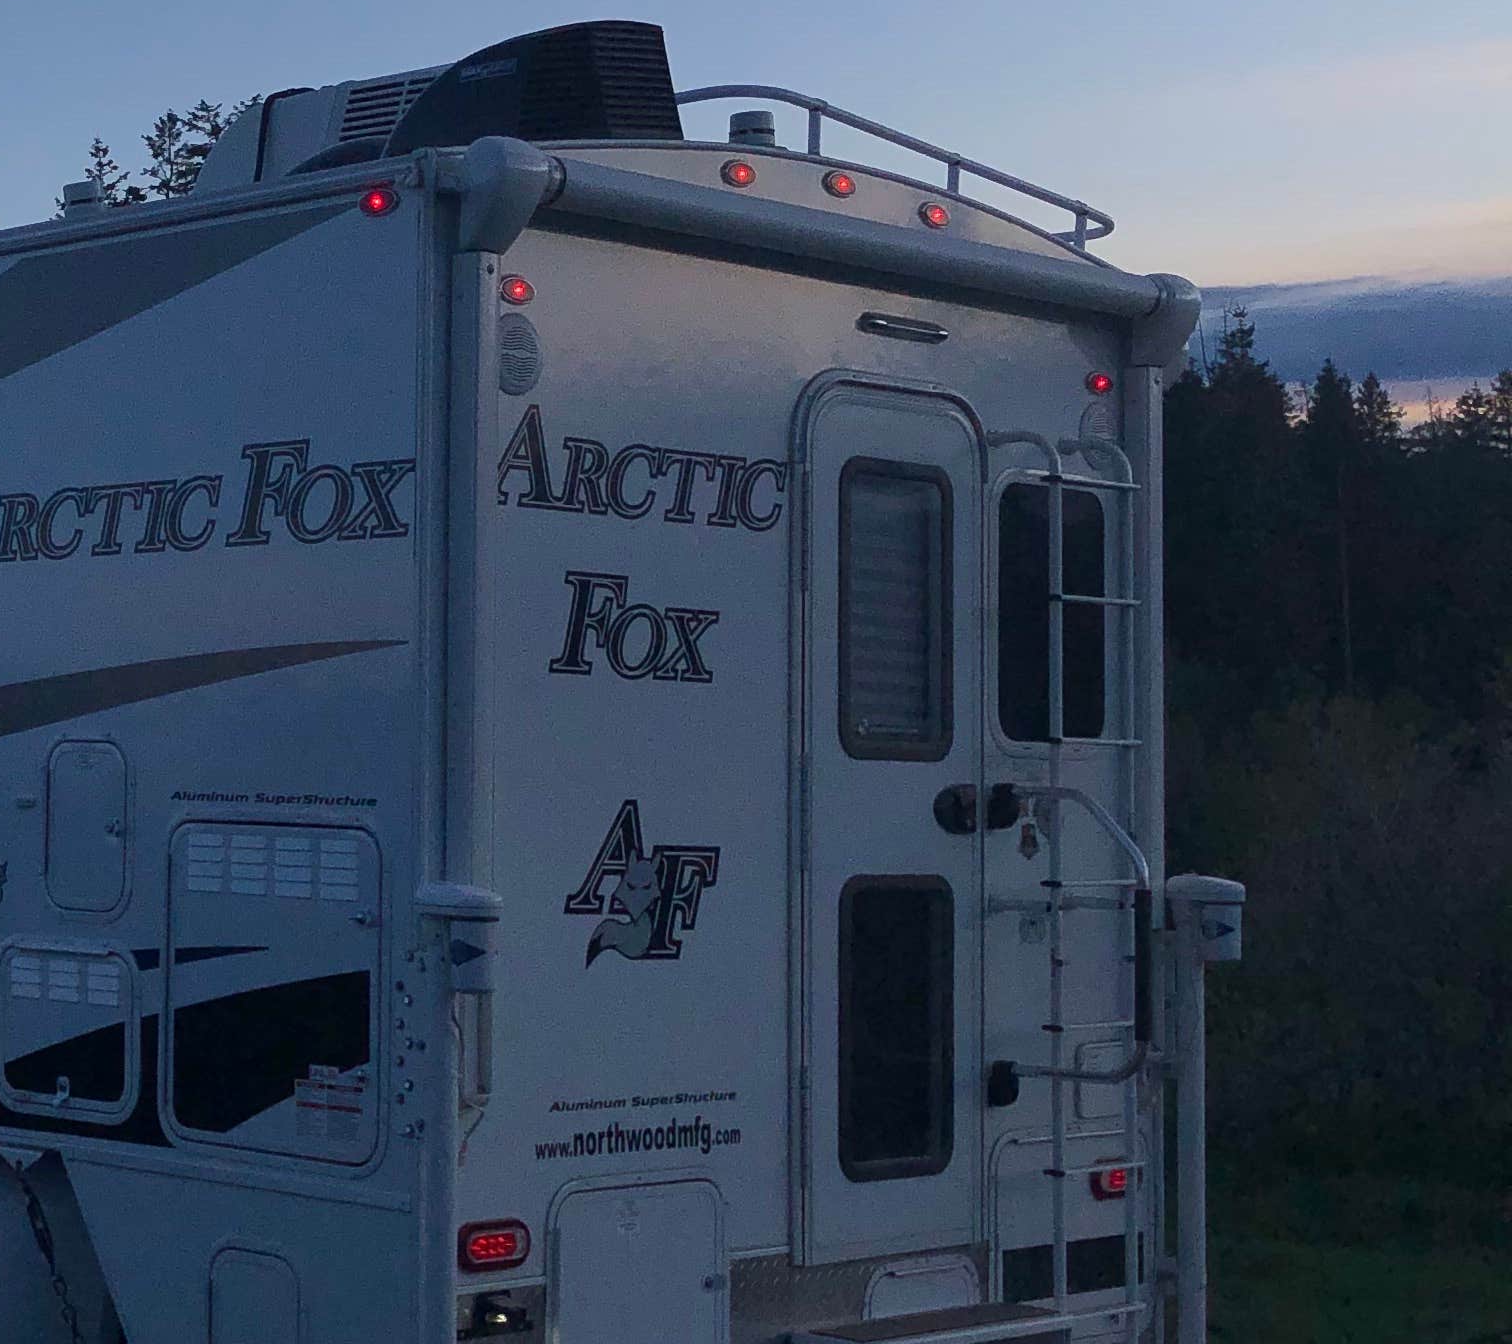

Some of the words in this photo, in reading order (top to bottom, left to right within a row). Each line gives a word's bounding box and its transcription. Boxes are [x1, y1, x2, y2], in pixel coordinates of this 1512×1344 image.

[225, 438, 417, 548] FOX
[496, 404, 788, 532] ARCTIC
[548, 570, 720, 684] FOX
[170, 790, 249, 803] Aluminum
[254, 791, 378, 807] SuperStructure
[534, 1114, 742, 1160] www.northwoodmfg.com
[548, 1097, 627, 1113] Aluminum
[630, 1090, 738, 1109] SuperStructure
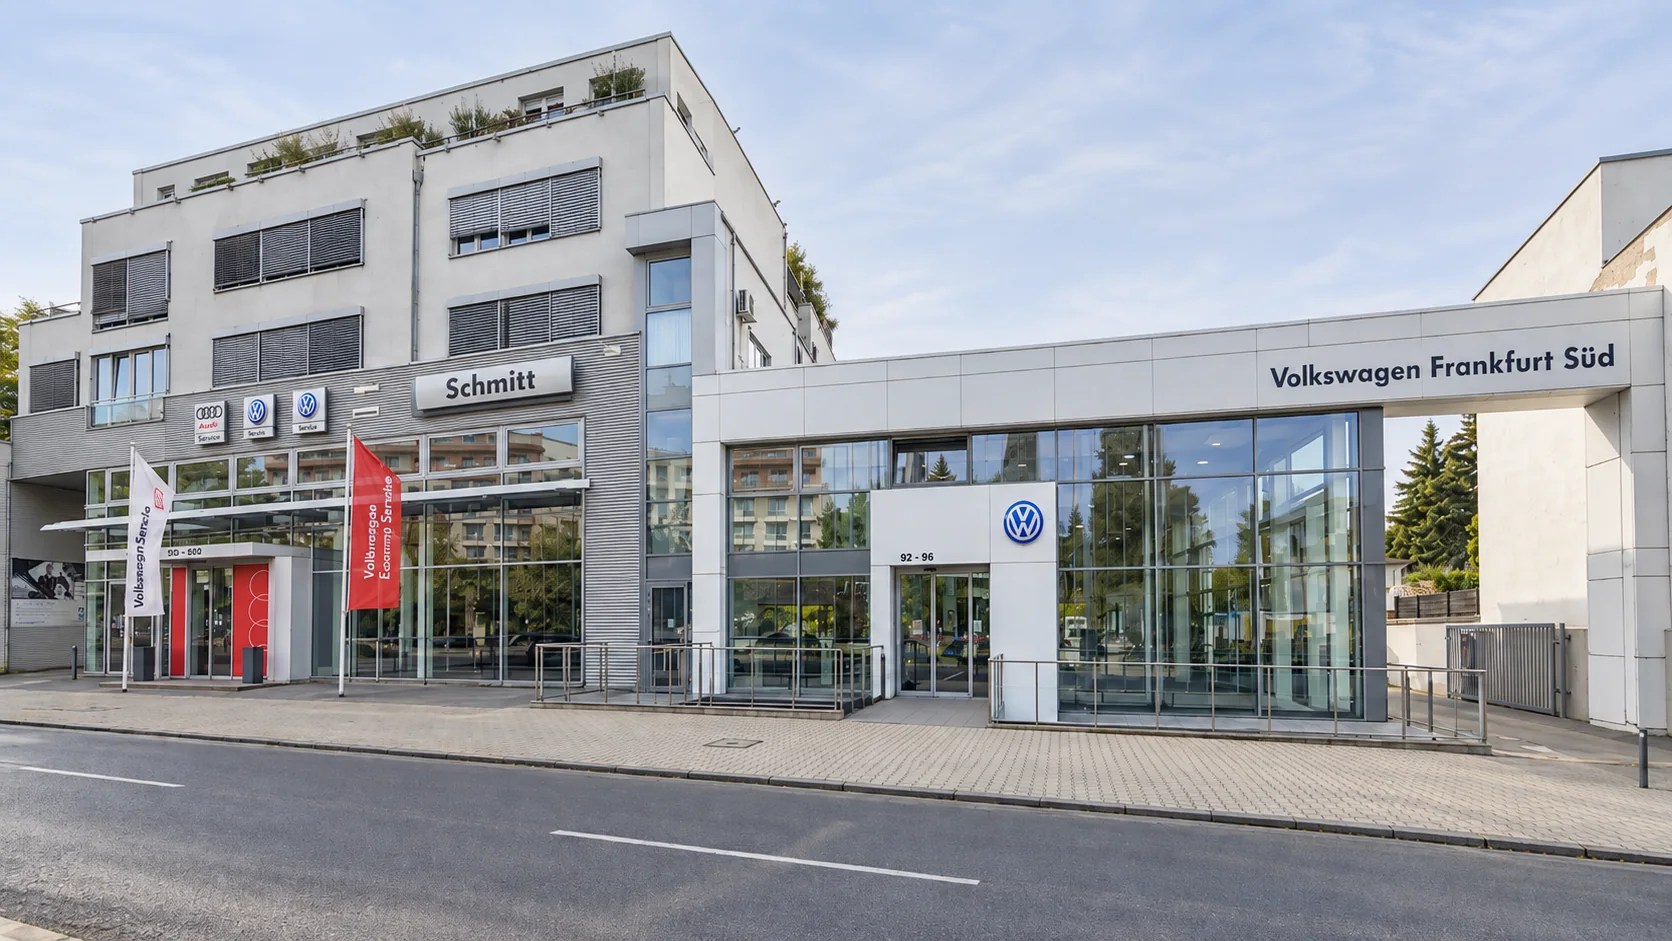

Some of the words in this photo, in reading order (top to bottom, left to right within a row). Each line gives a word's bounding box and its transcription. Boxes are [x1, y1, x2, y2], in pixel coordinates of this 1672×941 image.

[PROBLEM STATEMENT]
Omitting the images, copy the listing exactly.

[EXERCISE RESPONSE]
Some of the words in this photo, in reading order (top to bottom, left to right within a row). Each line gives a word's bounding box and its transcription. Boxes are [x1, y1, x2, y2], in pixel coordinates of this 1512×1344 image.

[225, 438, 417, 548] FOX
[496, 404, 788, 532] ARCTIC
[548, 570, 720, 684] FOX
[170, 790, 249, 803] Aluminum
[254, 791, 378, 807] SuperStructure
[534, 1114, 742, 1160] www.northwoodmfg.com
[548, 1097, 627, 1113] Aluminum
[630, 1090, 738, 1109] SuperStructure

Some of the words in this photo, in reading order (top to bottom, left to right within a row). Each line gives a word's bounding box and its transcription. Boxes are [x1, y1, x2, y2], in pixel coordinates of this 1672×941 image.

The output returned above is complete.